What Was the Incarnation of Jesus Christ?

The Incarnation of Jesus Christ
Actor James Burke-Dunsmore plays Jesus in 'The Passion of Jesus' in Trafalgar Square on April 3, 2015 in London, England. Dan Kitwood / Staff / Getty Images

The incarnation was the uniting of the Son of God's divinity with a human body to become the God-man, Jesus Christ.

Incarnation comes from a Latin term meaning "being made human flesh." While this doctrine appears throughout the Bible in various forms, it's in the gospel of John that it is fully developed:

The Word became flesh and made his dwelling among us. We have seen his glory, the glory of the one and only Son, who came from the Father, full of grace and truth.

John 1:14 (NIV)

The Necessity of the Incarnation

The incarnation was necessary for two reasons:

  1. Only a human being could be an acceptable sacrifice for other human beings' sins, but that human had to be a perfect, sinless offering, which ruled out all other humans except Christ;
  2. God demands blood from a sacrifice, which required a human body.

In the Old Testament, God frequently appeared to people in theophanies, manifestations of himself in nature or as angels or in human form. Examples include the three men who met with Abraham and the angel who wrestled with Jacob. Bible scholars have many theories on whether those occurrences were God the Father, Jesus, or angels with special authority. The difference between those theophanies and the incarnation is that they were limited, temporary, and for specific occasions.

When the Word (Jesus) was born to the virgin Mary, he did not begin to exist at that point.

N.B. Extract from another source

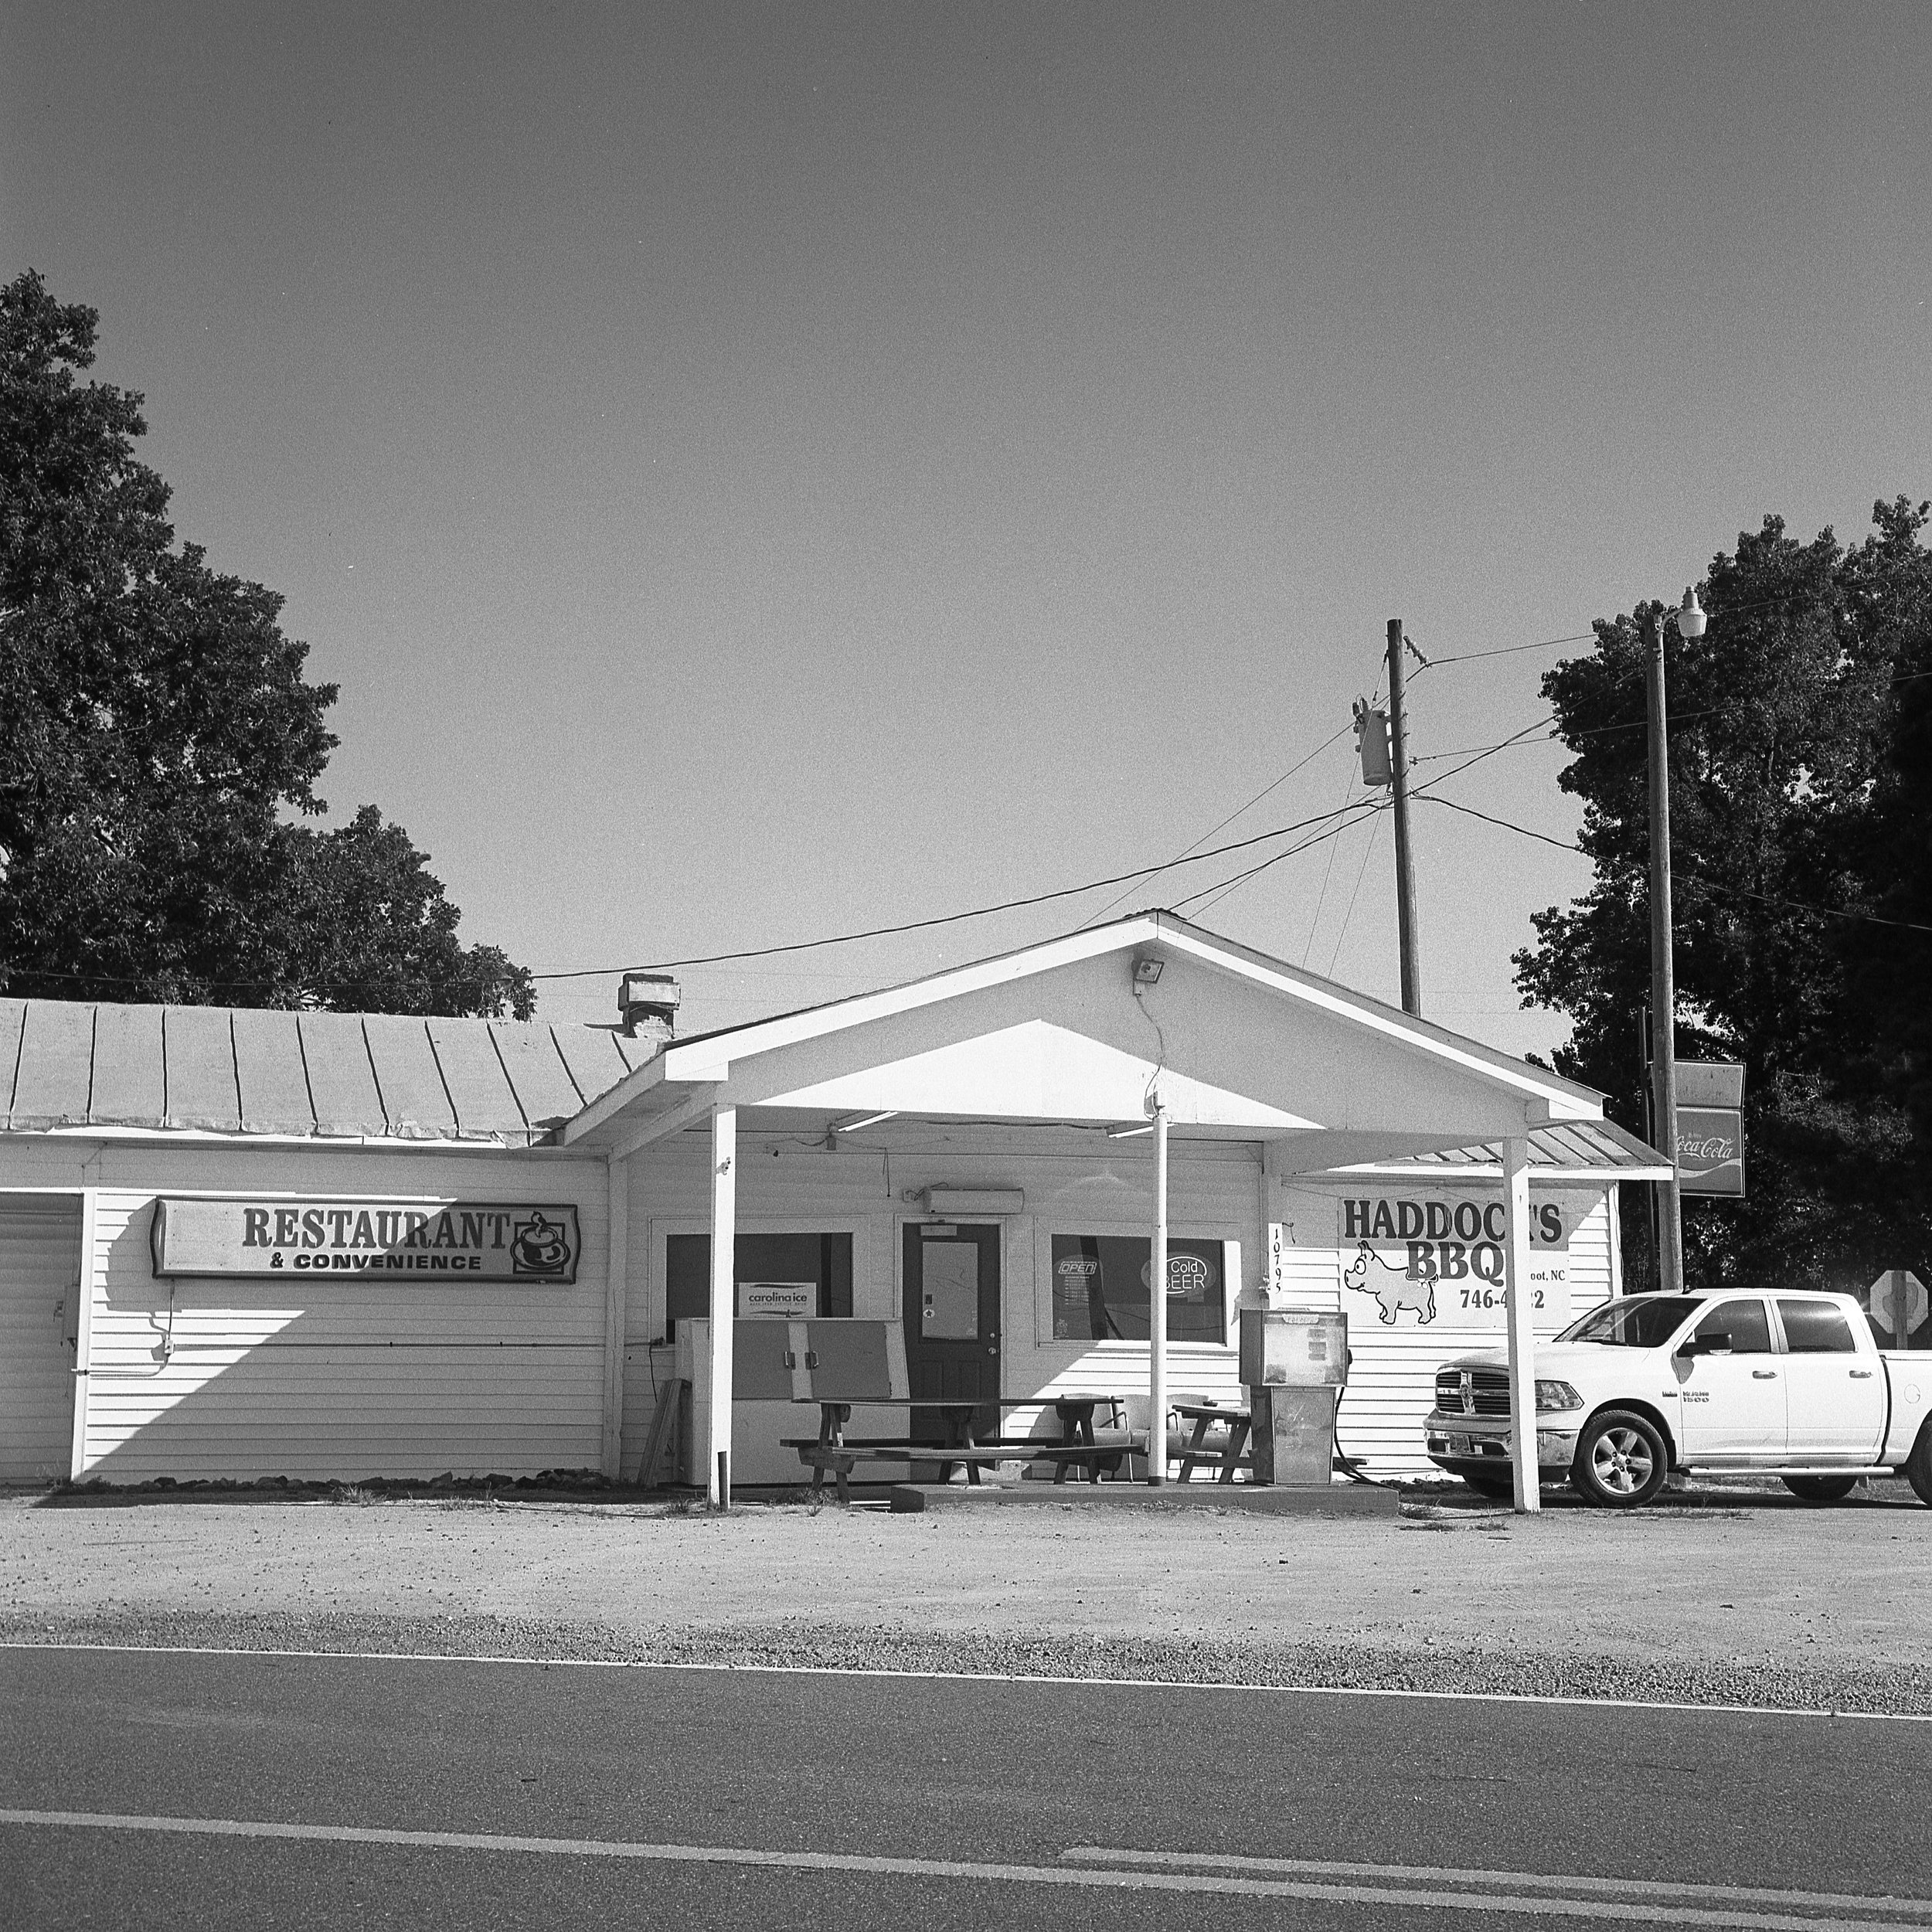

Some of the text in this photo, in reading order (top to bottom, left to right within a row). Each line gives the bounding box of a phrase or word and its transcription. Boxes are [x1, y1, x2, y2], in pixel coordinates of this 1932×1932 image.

As eternal God, he had always existed but was united with a human body at conception, through the Holy Spirit.

Evidence of Jesus' humanity can be seen throughout the gospels. Just like any other person, he got tired, hungry, and thirsty. He also showed human emotions, such as joy, anger, compassion, and love.

Jesus lived a human life and died on the cross for the salvation of humankind.

The Full Meaning of the Incarnation

The Church was split on the meaning of the incarnation and for centuries the subject was hotly debated. Early theologians argued that Christ's divine mind and will replaced his human mind, or that he had both a human mind and will as well as a divine mind and will. The matter was finally settled at the Council of Chalcedon, in Asia Minor, in 451 A.D. The Council said Christ is "truly God and truly man," two distinct natures united in one Person.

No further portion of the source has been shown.